* **Try it**: Output the line containing "this 1875×1250 image." and each line after it through the end of the data, exactly as written, with pictures left out.
Data records Start Marker
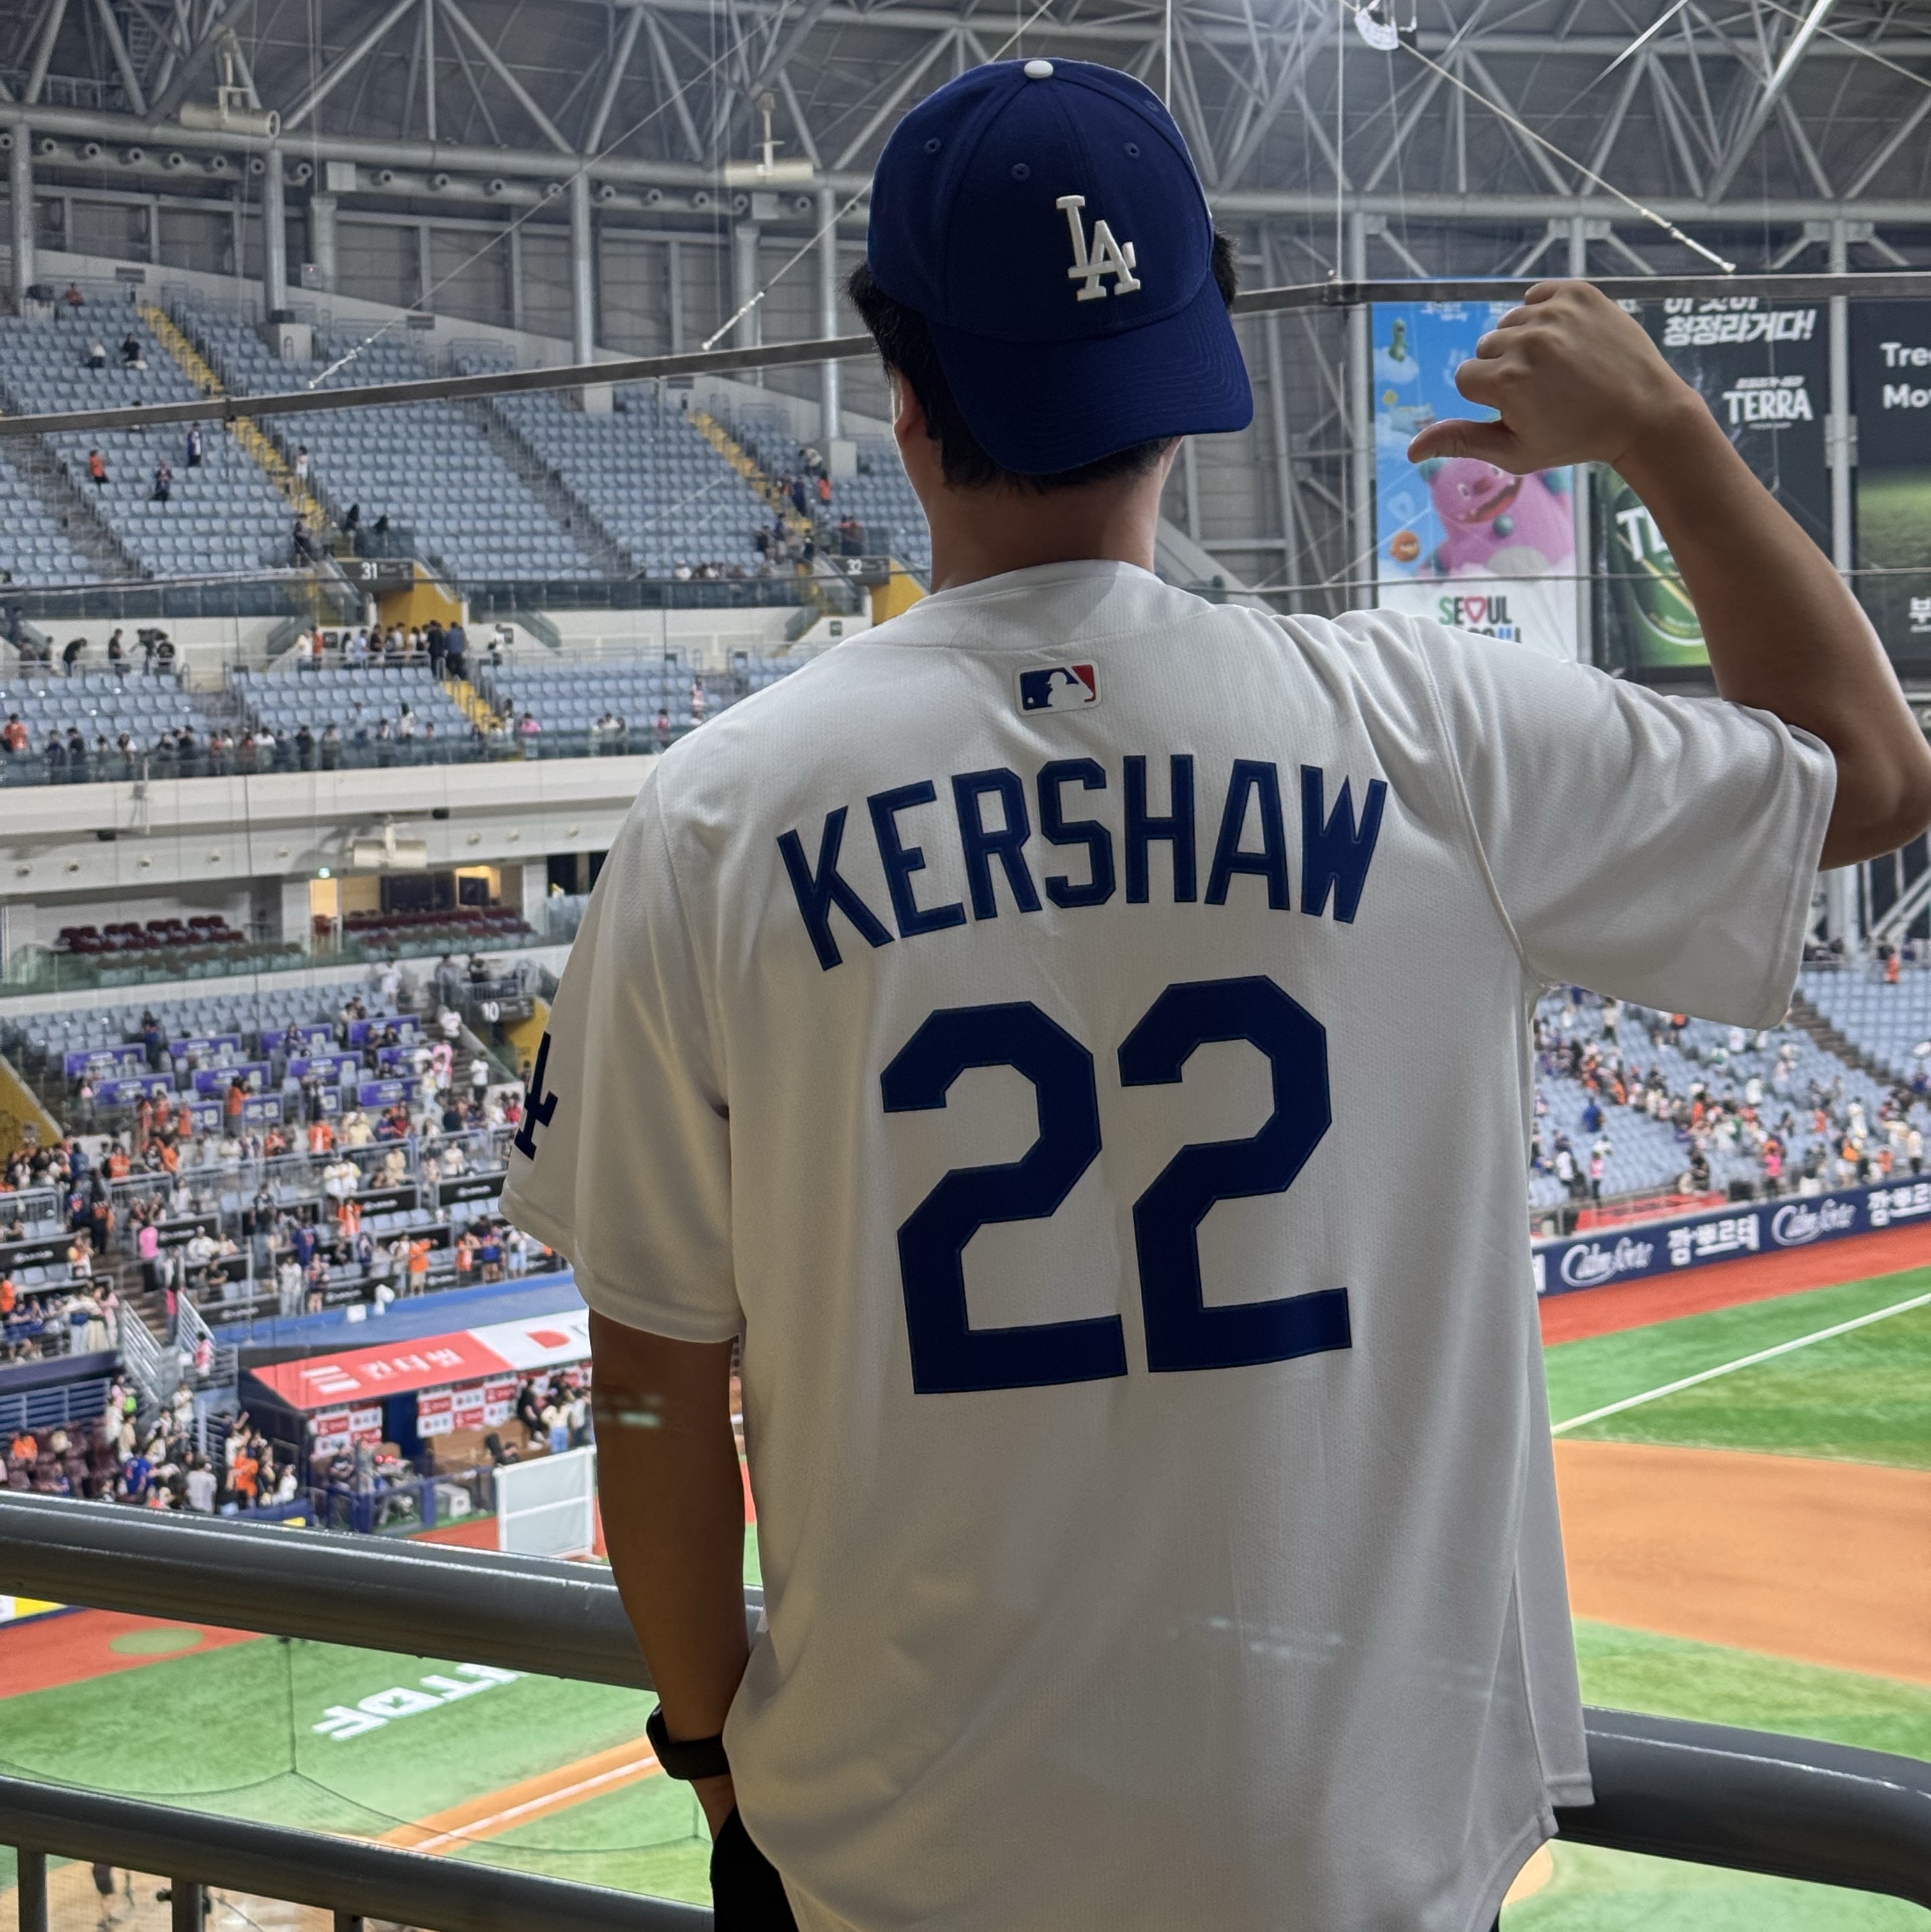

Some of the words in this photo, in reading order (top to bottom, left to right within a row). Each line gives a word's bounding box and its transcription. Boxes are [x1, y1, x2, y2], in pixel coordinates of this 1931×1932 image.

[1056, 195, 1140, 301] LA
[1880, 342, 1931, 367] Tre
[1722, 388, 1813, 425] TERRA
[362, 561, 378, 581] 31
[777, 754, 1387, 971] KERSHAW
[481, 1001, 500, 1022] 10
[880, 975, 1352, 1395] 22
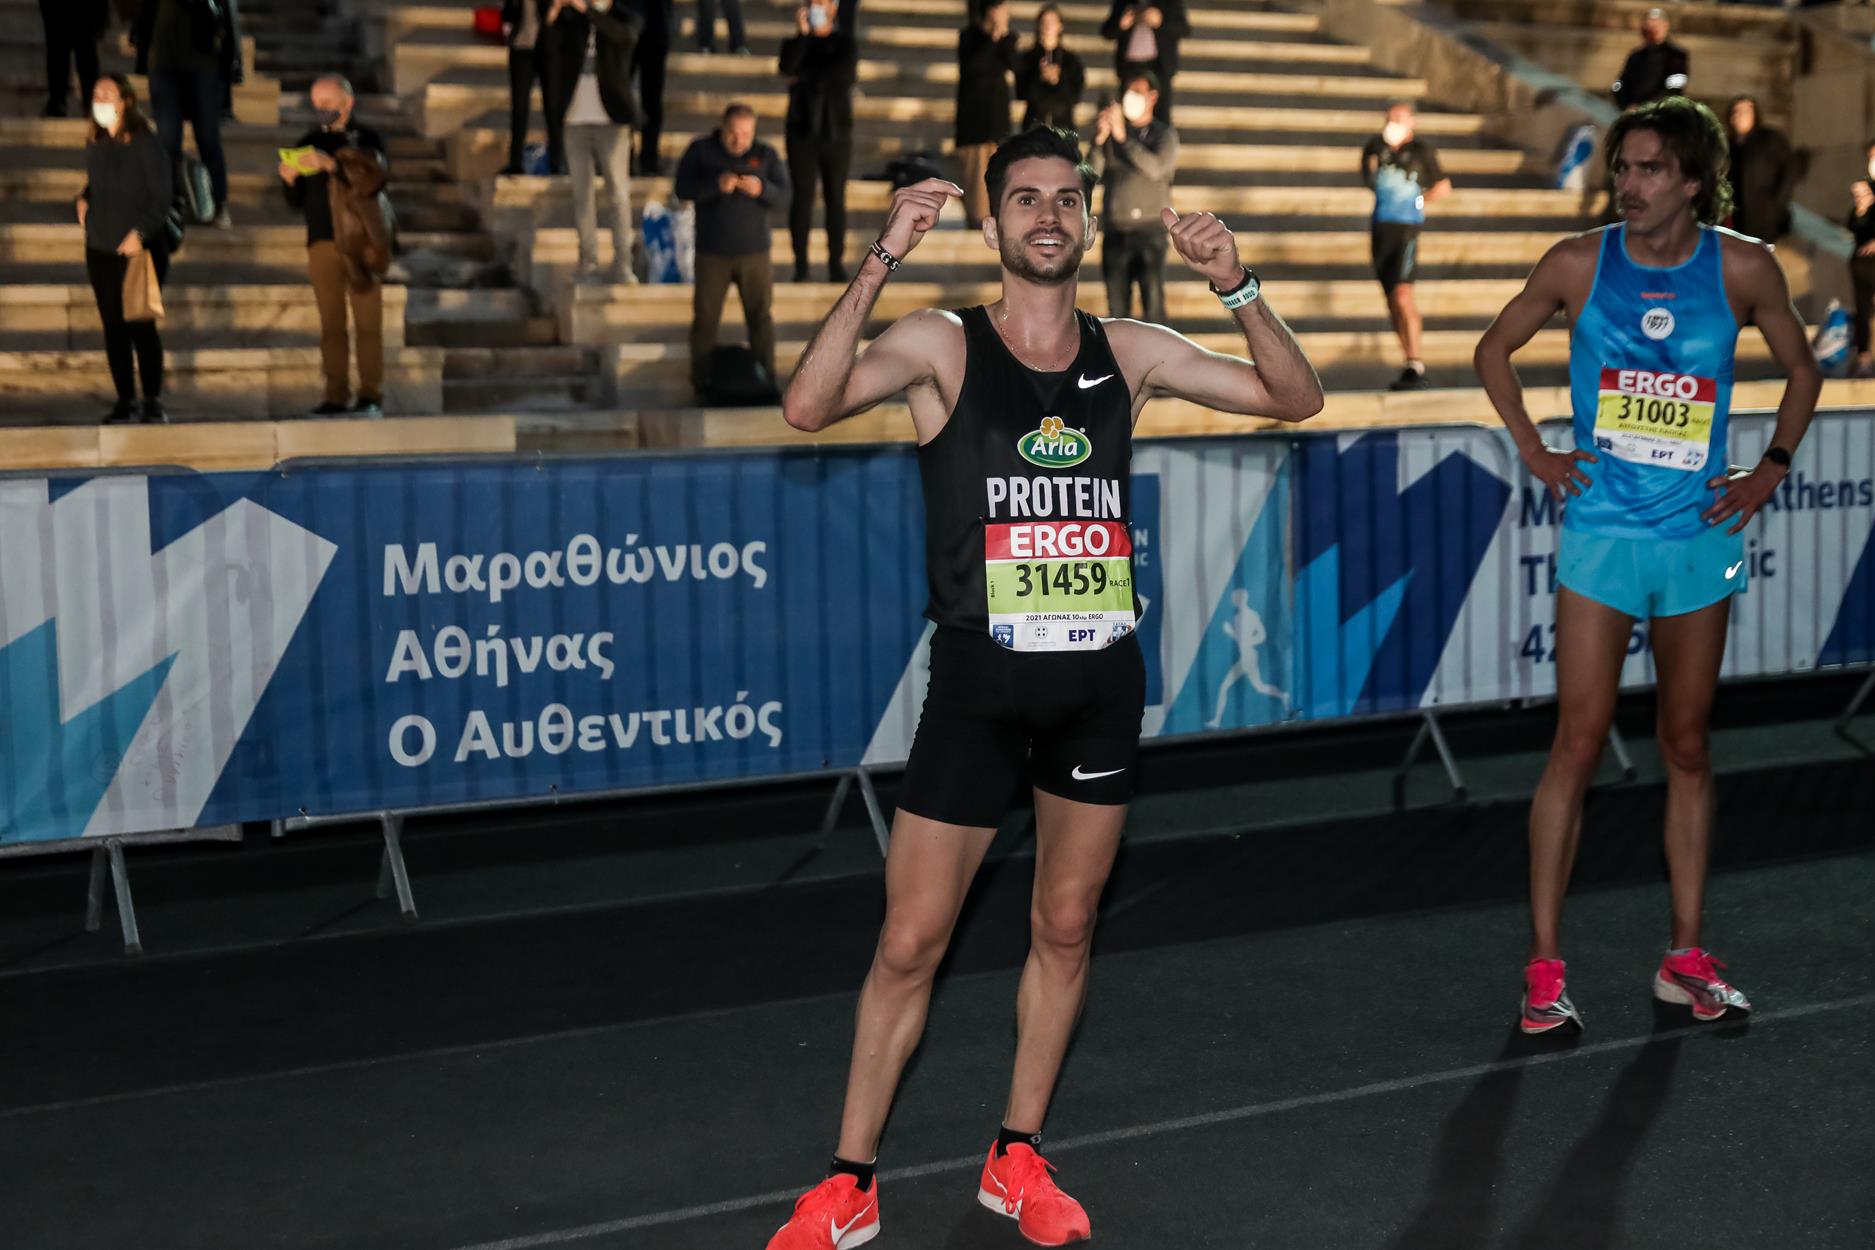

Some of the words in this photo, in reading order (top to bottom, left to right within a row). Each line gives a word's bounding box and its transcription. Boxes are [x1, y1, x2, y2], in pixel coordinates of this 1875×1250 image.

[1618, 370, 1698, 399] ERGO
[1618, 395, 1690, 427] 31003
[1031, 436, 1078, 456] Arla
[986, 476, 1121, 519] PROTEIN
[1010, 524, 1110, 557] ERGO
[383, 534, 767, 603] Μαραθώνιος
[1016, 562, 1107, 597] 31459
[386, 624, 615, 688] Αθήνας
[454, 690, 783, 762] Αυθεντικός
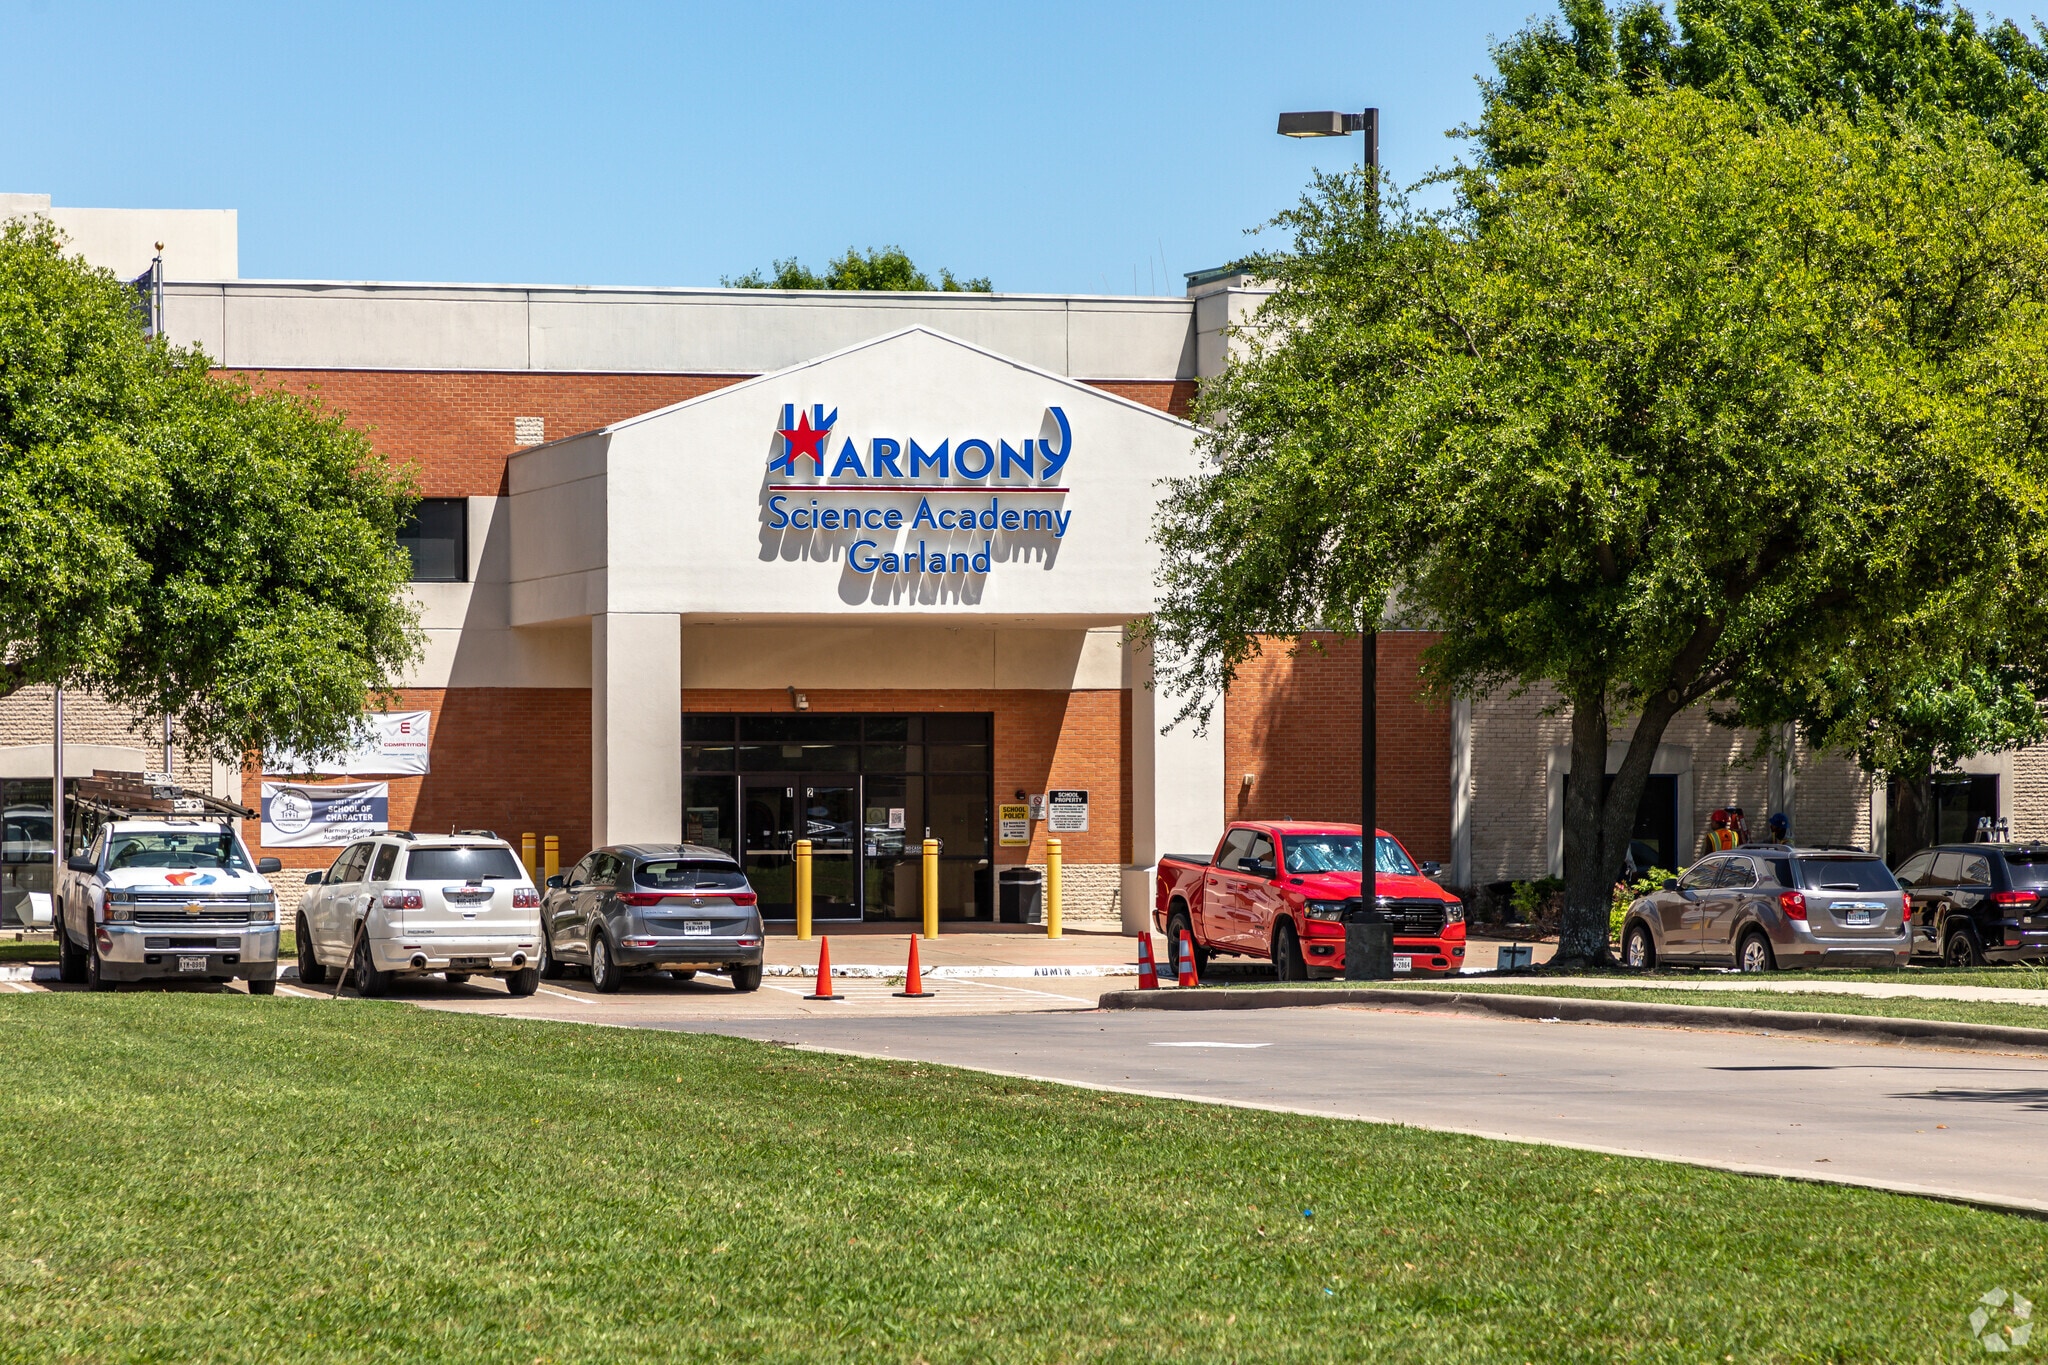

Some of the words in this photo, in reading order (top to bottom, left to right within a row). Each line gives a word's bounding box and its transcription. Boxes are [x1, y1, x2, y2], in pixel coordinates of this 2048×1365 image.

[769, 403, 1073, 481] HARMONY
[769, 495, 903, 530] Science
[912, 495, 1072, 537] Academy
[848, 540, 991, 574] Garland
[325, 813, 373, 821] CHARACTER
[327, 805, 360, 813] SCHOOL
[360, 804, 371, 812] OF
Data records End Marker
* **Exercise solution**:
Some of the words in this photo, in reading order (top to bottom, left to right within a row). Each line gives a word's bounding box and its transcription. Boxes are [x1, y1, x2, y2], in pixel coordinates of this 1875×1250 image.

[1618, 370, 1698, 399] ERGO
[1618, 395, 1690, 427] 31003
[1031, 436, 1078, 456] Arla
[986, 476, 1121, 519] PROTEIN
[1010, 524, 1110, 557] ERGO
[383, 534, 767, 603] Μαραθώνιος
[1016, 562, 1107, 597] 31459
[386, 624, 615, 688] Αθήνας
[454, 690, 783, 762] Αυθεντικός

Some of the words in this photo, in reading order (top to bottom, left to right within a row). Each line gives a word's bounding box and its transcription. Boxes are [x1, y1, x2, y2], in pixel coordinates of this 2048×1365 image.

[769, 403, 1073, 481] HARMONY
[769, 495, 903, 530] Science
[912, 495, 1072, 537] Academy
[848, 540, 991, 574] Garland
[325, 813, 373, 821] CHARACTER
[327, 805, 360, 813] SCHOOL
[360, 804, 371, 812] OF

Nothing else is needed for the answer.